Top of Extracted information
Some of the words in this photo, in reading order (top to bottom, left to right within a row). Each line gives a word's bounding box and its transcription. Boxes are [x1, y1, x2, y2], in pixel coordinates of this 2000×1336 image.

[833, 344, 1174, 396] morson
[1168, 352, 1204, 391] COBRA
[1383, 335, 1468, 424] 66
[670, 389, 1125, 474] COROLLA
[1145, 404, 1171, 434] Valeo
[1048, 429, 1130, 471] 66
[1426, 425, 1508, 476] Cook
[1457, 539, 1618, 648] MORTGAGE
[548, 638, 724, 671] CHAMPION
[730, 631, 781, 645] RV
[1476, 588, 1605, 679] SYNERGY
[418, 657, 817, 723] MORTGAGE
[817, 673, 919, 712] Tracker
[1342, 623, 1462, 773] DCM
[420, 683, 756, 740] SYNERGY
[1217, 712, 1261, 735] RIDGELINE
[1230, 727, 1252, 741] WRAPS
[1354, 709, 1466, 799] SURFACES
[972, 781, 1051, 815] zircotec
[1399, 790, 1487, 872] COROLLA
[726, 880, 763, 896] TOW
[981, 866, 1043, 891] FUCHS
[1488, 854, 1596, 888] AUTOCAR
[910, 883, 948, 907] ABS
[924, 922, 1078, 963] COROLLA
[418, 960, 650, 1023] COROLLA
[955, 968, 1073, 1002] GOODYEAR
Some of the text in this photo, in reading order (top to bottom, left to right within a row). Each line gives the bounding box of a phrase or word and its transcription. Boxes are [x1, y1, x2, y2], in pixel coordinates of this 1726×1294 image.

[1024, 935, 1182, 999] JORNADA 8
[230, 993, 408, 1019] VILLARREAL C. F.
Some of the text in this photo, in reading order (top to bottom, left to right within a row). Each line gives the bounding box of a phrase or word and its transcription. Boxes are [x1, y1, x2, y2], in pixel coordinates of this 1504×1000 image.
Bottom of Extracted information
## What the task asks
Every record above is to be transcribed exactly as written.

## Written answer
Some of the words in this photo, in reading order (top to bottom, left to right within a row). Each line gives a word's bounding box and its transcription. Boxes are [x1, y1, x2, y2], in pixel coordinates of this 2000×1336 image.

[833, 344, 1174, 396] morson
[1168, 352, 1204, 391] COBRA
[1383, 335, 1468, 424] 66
[670, 389, 1125, 474] COROLLA
[1145, 404, 1171, 434] Valeo
[1048, 429, 1130, 471] 66
[1426, 425, 1508, 476] Cook
[1457, 539, 1618, 648] MORTGAGE
[548, 638, 724, 671] CHAMPION
[730, 631, 781, 645] RV
[1476, 588, 1605, 679] SYNERGY
[418, 657, 817, 723] MORTGAGE
[817, 673, 919, 712] Tracker
[1342, 623, 1462, 773] DCM
[420, 683, 756, 740] SYNERGY
[1217, 712, 1261, 735] RIDGELINE
[1230, 727, 1252, 741] WRAPS
[1354, 709, 1466, 799] SURFACES
[972, 781, 1051, 815] zircotec
[1399, 790, 1487, 872] COROLLA
[726, 880, 763, 896] TOW
[981, 866, 1043, 891] FUCHS
[1488, 854, 1596, 888] AUTOCAR
[910, 883, 948, 907] ABS
[924, 922, 1078, 963] COROLLA
[418, 960, 650, 1023] COROLLA
[955, 968, 1073, 1002] GOODYEAR
Some of the text in this photo, in reading order (top to bottom, left to right within a row). Each line gives the bounding box of a phrase or word and its transcription. Boxes are [x1, y1, x2, y2], in pixel coordinates of this 1726×1294 image.

[1024, 935, 1182, 999] JORNADA 8
[230, 993, 408, 1019] VILLARREAL C. F.
Some of the text in this photo, in reading order (top to bottom, left to right within a row). Each line gives the bounding box of a phrase or word and its transcription. Boxes are [x1, y1, x2, y2], in pixel coordinates of this 1504×1000 image.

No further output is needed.